Guacamole in our A-Z - Cooking Index
Guacamole is a dip, sauce or relish made from mashed avocados and, usually, tomatoes and salt. It often has additional ingredients, including chilli, onion, garlic, lime juice, fresh coriander/cilantro and ground spices.
Guacamole is best eaten immediately after preparation as avocados discolor quickly after mashing and the dip quickly turns from an attractive green colour to a mushy brown. The addition of lime juice slows the discoloration but ideally guacamole should be eaten shortly after preparation.
Some recipes call for the avocado to be mashed in a food processor but this is not the ideal way to prepare avocados as it pulps the flesh too much. A better way is to use a fork (use the back of the prongs of the fork) to mash the avocado.
The name guacamole comes from Mexican spanish, where it combines ahuacatl (avocado) and molli (sauce) to produce ahuacamolli, which has been corrupted in the English speaking world to guacamole.
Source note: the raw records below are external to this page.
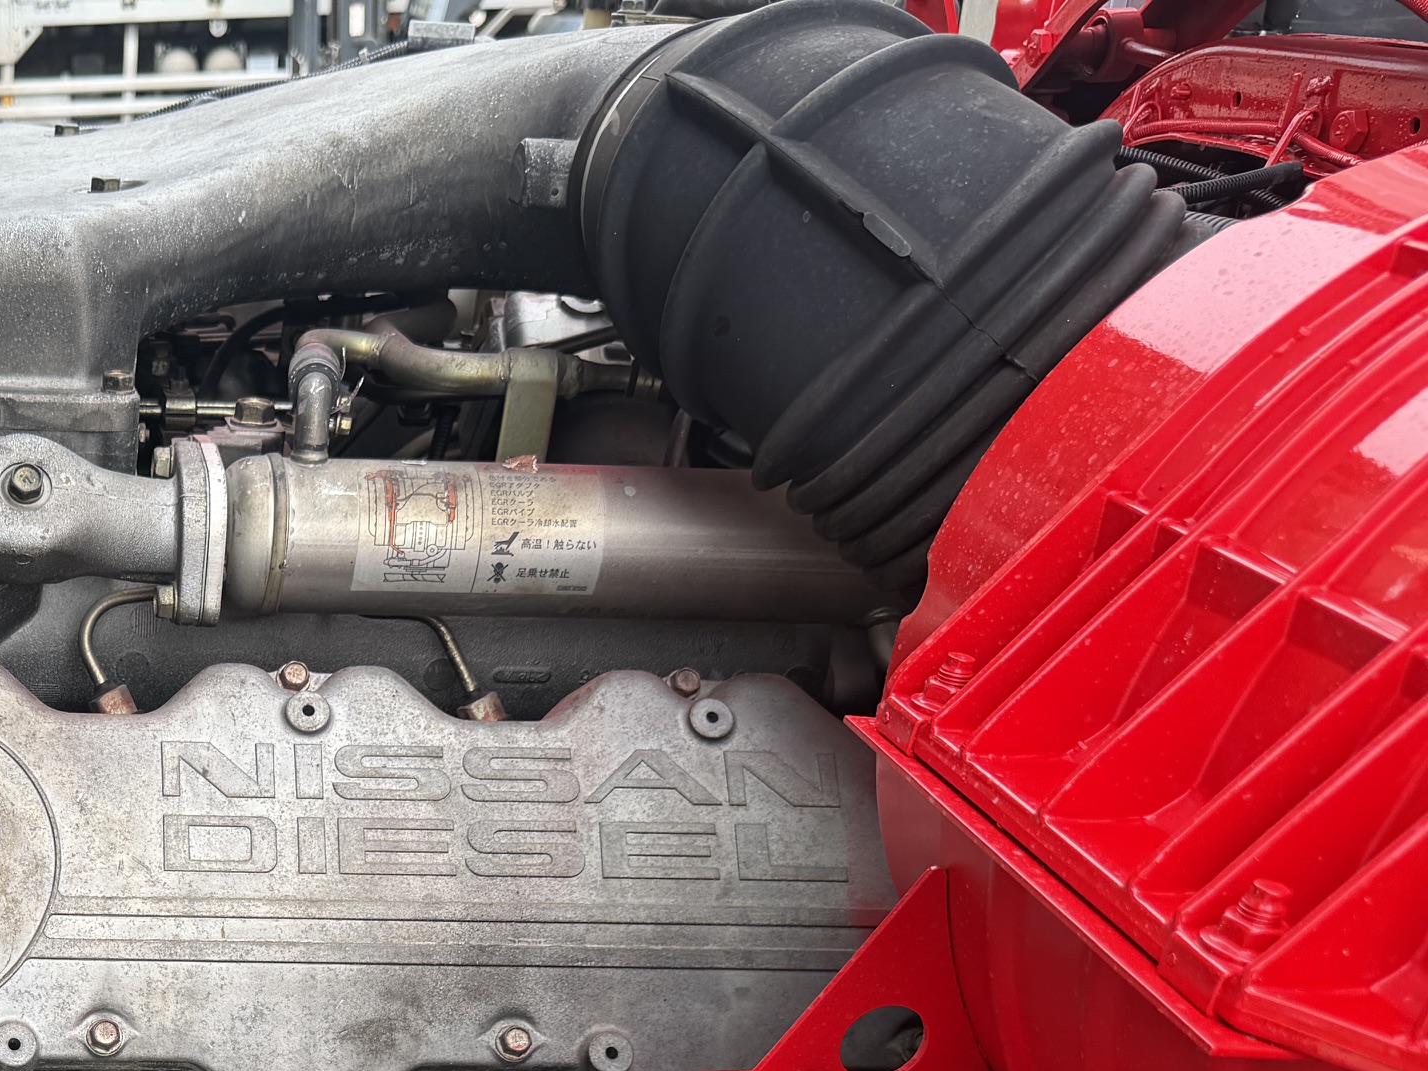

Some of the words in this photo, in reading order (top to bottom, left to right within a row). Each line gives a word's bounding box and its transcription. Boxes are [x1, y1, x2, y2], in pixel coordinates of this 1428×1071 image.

[515, 567, 570, 579] 足乗せ禁止
[160, 740, 841, 808] NISSAN
[163, 814, 849, 883] DIESEL
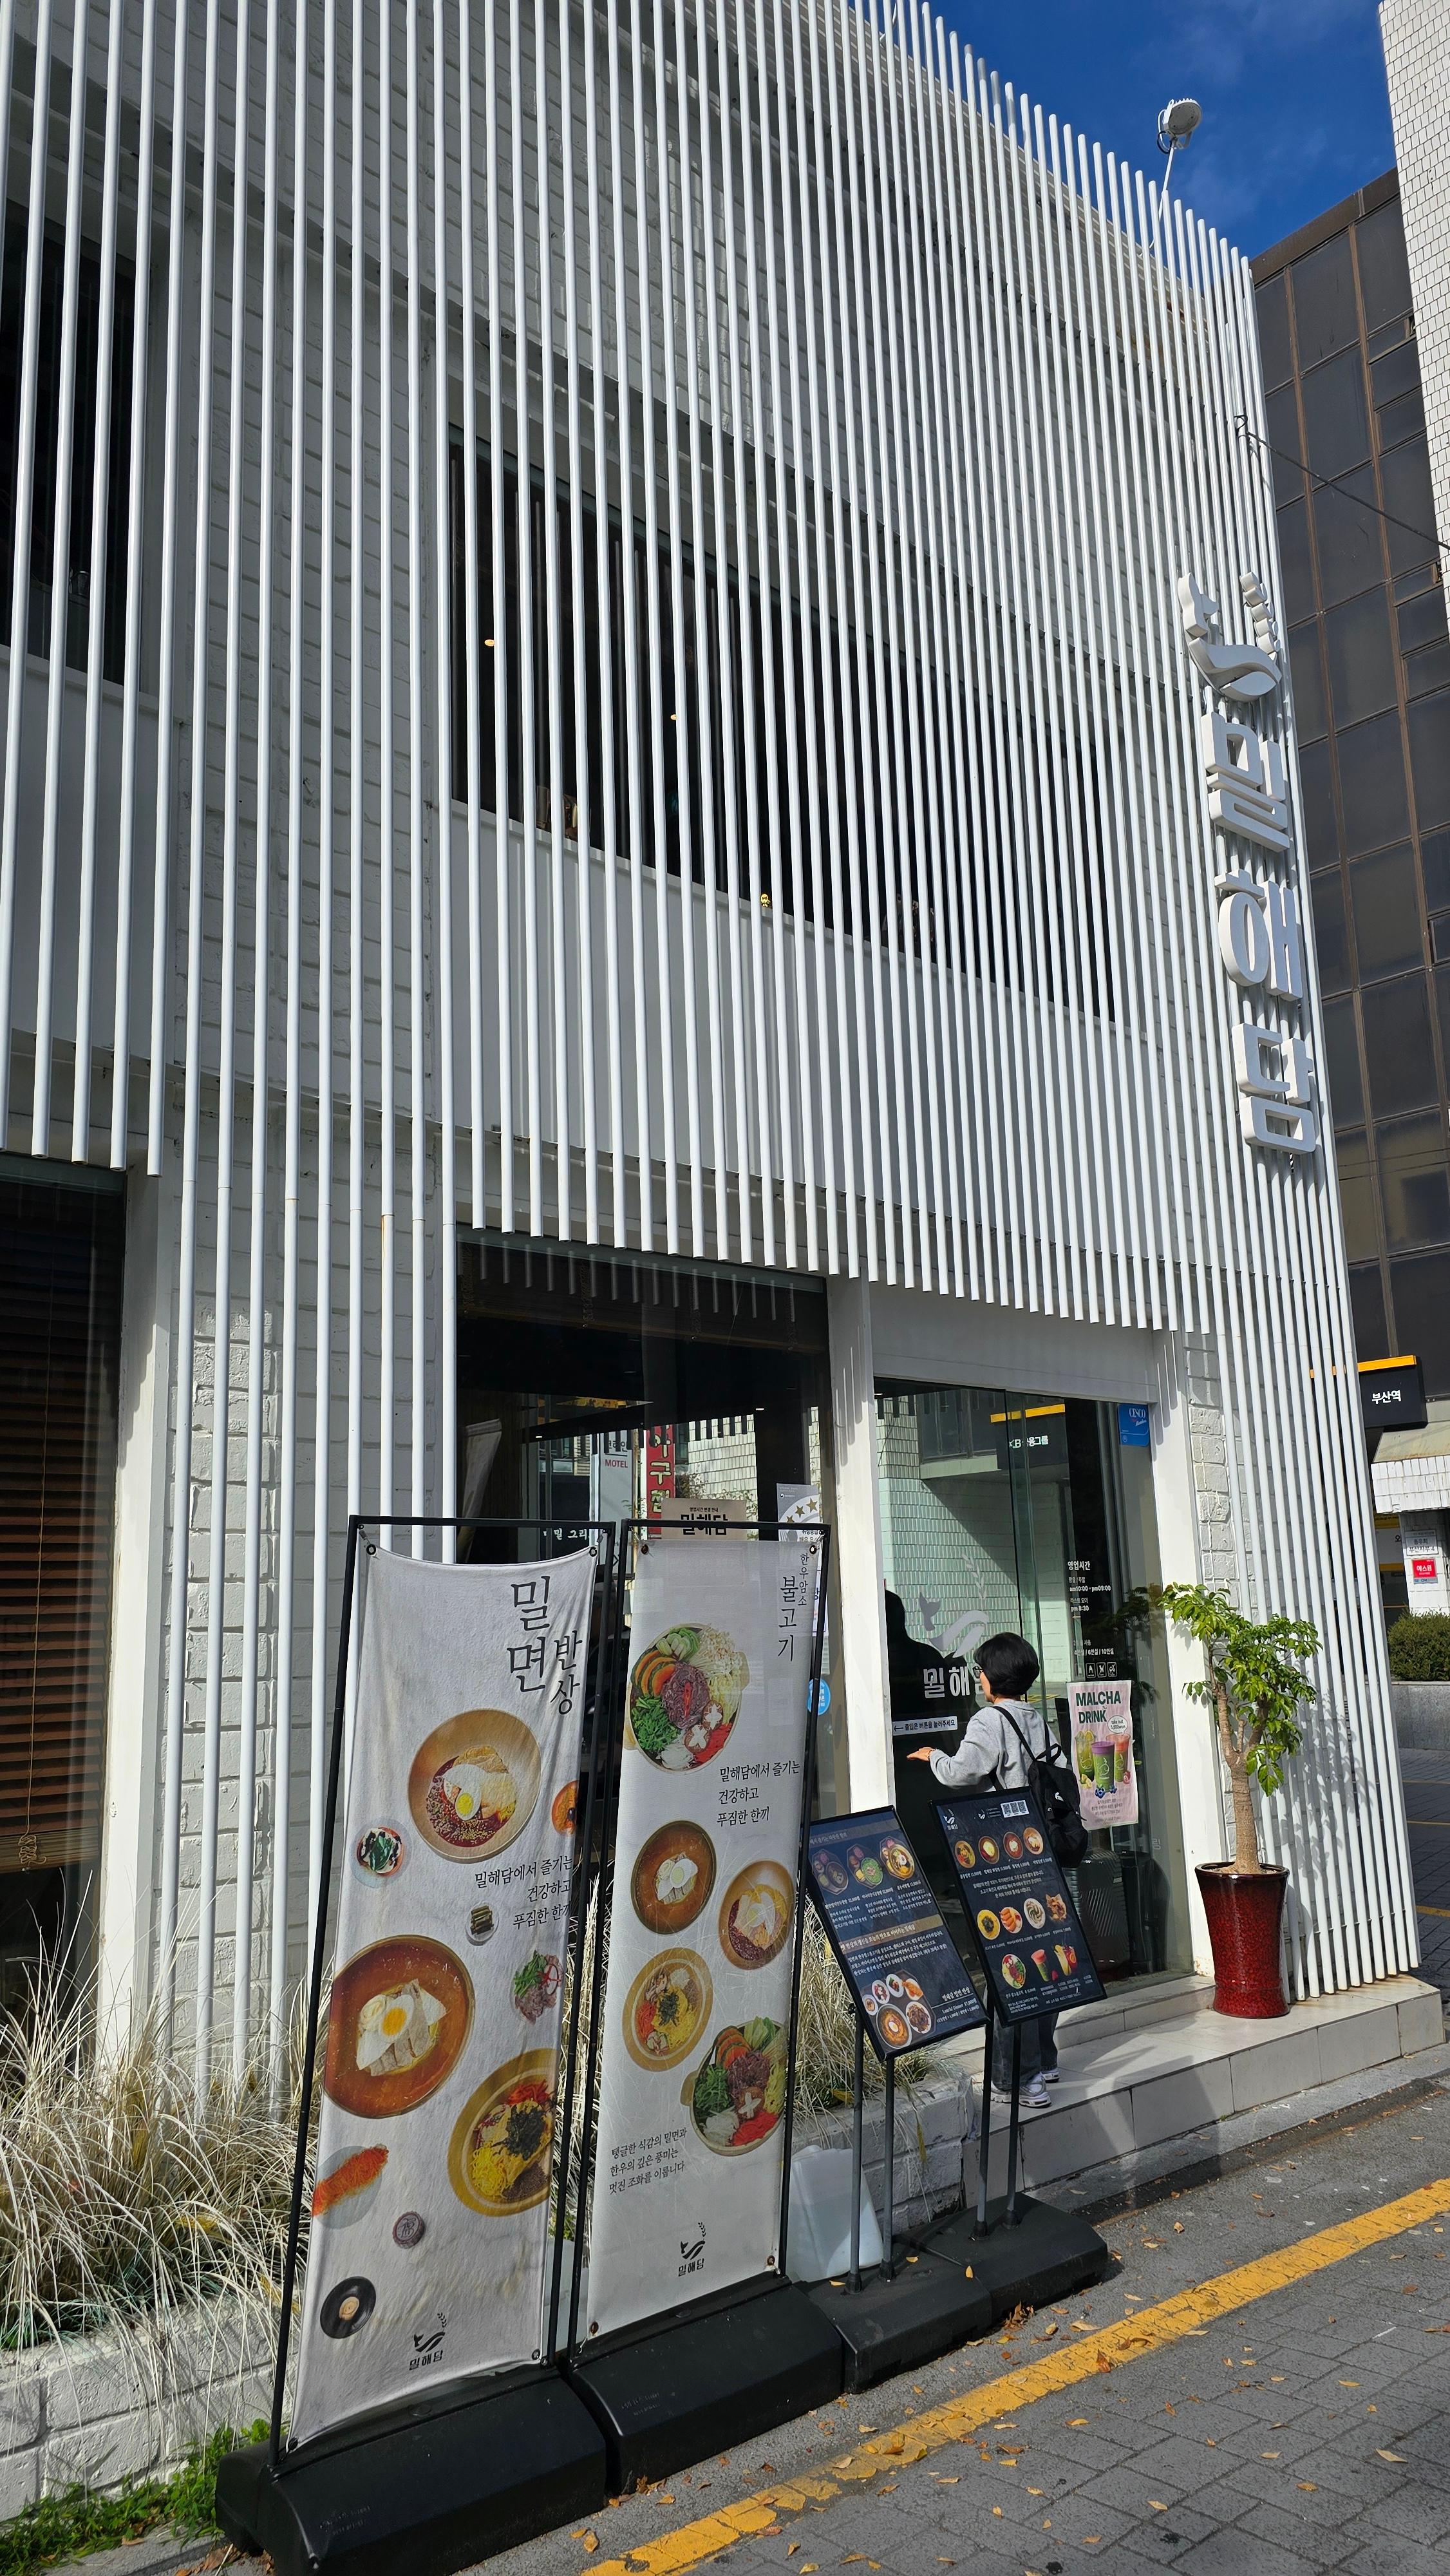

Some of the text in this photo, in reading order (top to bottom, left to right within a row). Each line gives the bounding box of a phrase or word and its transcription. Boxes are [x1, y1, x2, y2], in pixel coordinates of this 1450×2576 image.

[1201, 712, 1315, 1155] 밀해담
[1371, 1389, 1402, 1404] 부산역
[1129, 1408, 1146, 1418] CESCO
[1009, 1435, 1049, 1448] KB융그룹
[605, 1459, 628, 1468] MOTEL
[567, 1528, 588, 1540] 그리
[1068, 1560, 1091, 1571] 영업시간
[798, 1552, 809, 1605] 한우암소
[778, 1575, 798, 1662] 불고기
[507, 1575, 550, 1692] 밀면
[551, 1630, 583, 1715] 반상
[1075, 1690, 1122, 1707] MALCHA
[919, 1721, 932, 1730] 버튼을
[1078, 1710, 1107, 1724] DRINK
[720, 1760, 800, 1783] 밀해담에서 즐기는
[718, 1787, 759, 1804] 건강하고
[717, 1806, 769, 1828] 푸짐한 한끼
[475, 1855, 572, 1889] 밀해담에서 즐기는
[527, 1879, 571, 1902] 건강하고
[513, 1907, 549, 1929] 푸짐한
[611, 2127, 688, 2159] 탱글한 식감의 밀면과
[610, 2148, 679, 2177] 한우의 깊은 풍미는
[609, 2161, 685, 2195] 멋진 조화를 이룹니다
[678, 2258, 704, 2277] 밀해담
[409, 2349, 443, 2371] 밀해담
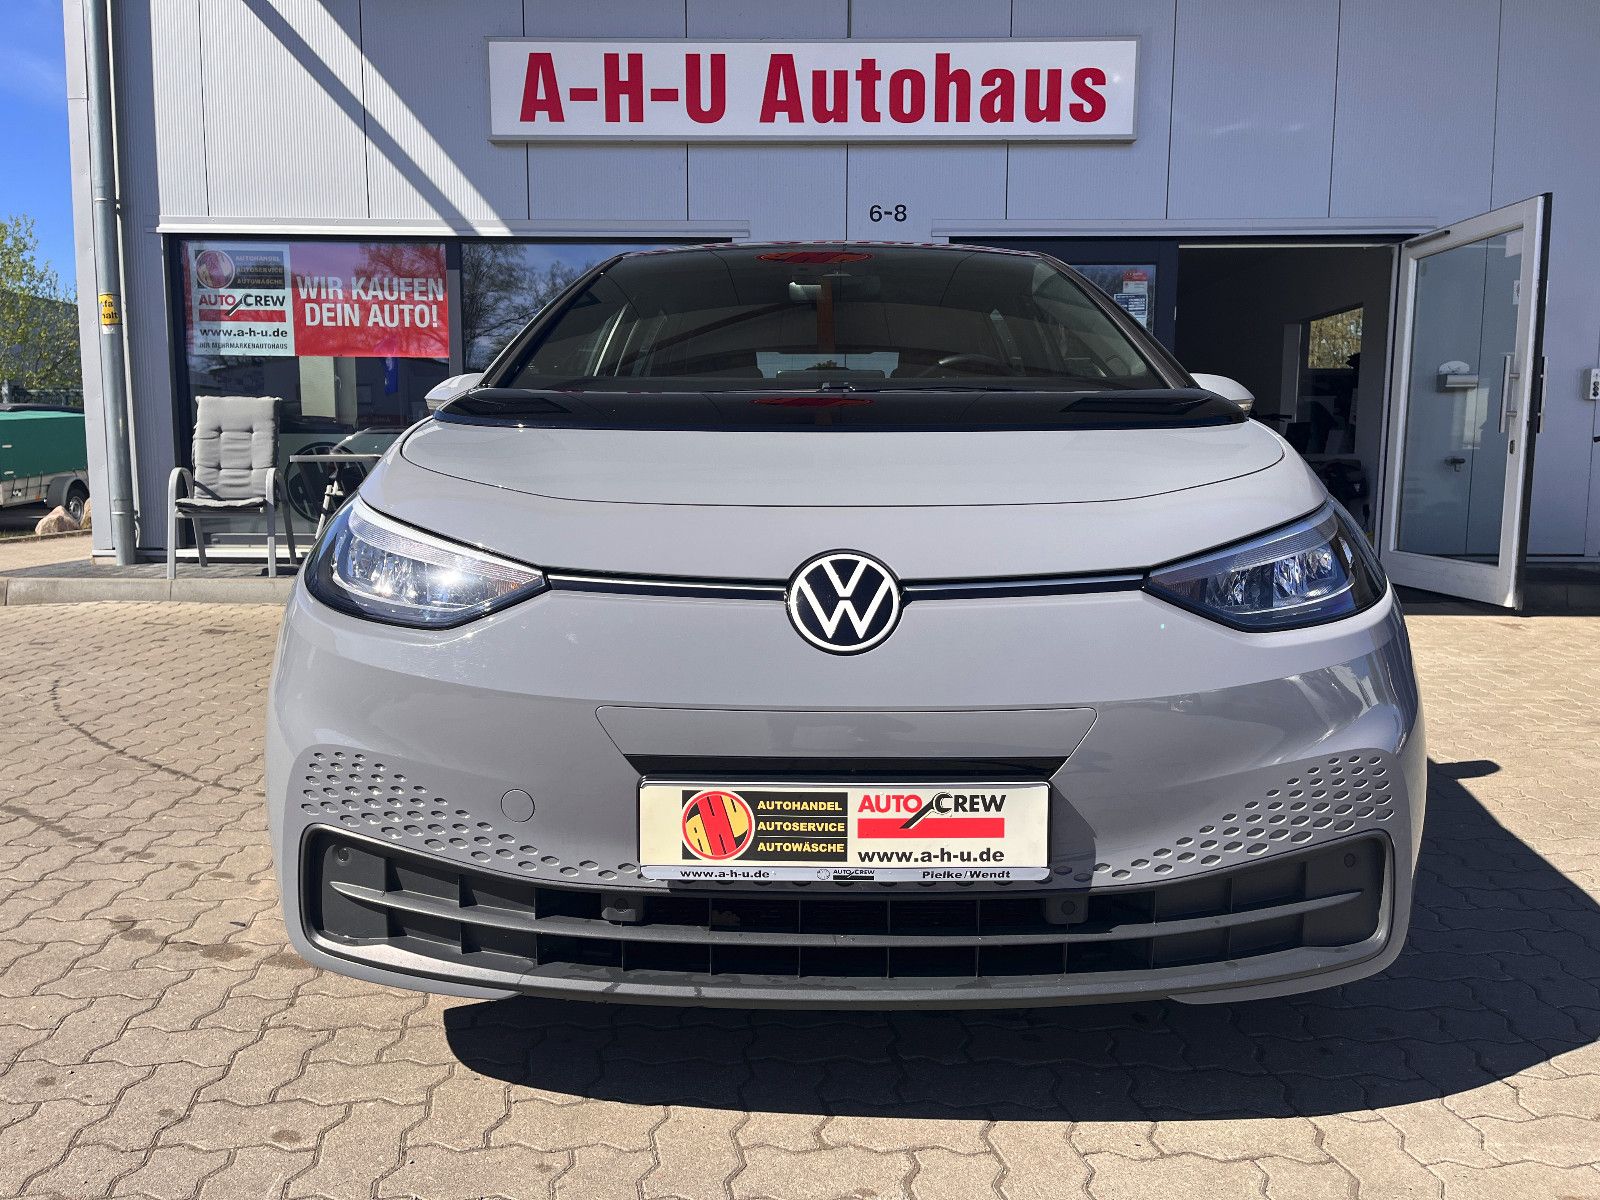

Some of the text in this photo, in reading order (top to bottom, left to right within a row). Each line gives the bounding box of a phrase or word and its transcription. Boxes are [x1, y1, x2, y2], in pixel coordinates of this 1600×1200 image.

[519, 52, 1107, 124] A-H-U Autohaus
[869, 204, 907, 222] 6-8
[296, 276, 444, 301] WIR KAUFEN
[199, 293, 286, 306] AUTO CREW
[304, 303, 438, 328] DEIN AUTO!
[199, 328, 288, 338] www.a-h-u.de
[757, 800, 842, 811] AUTOHANDEL
[857, 792, 1007, 814] AUTO CREW
[757, 821, 845, 832] AUTOSERVICE
[757, 842, 845, 853] AUTOWÄSCHE
[857, 848, 1005, 863] www.a-h-u.de
[680, 869, 770, 878] www.a-h-u.de
Guacamole is often eaten on its own with tortilla chips or incorporated as a sauce in Tex-Mex food, especially in nachos and fajitas. Guacamole is widely eaten in the United States as a snack food, far more so than it is in Mexico and central America.
Guacamole has also become popular in Australasia, where it egg whites are sometimes incorporated into the guacamole mixture. In New Zealand it is apparently a popular spaghetti sauce.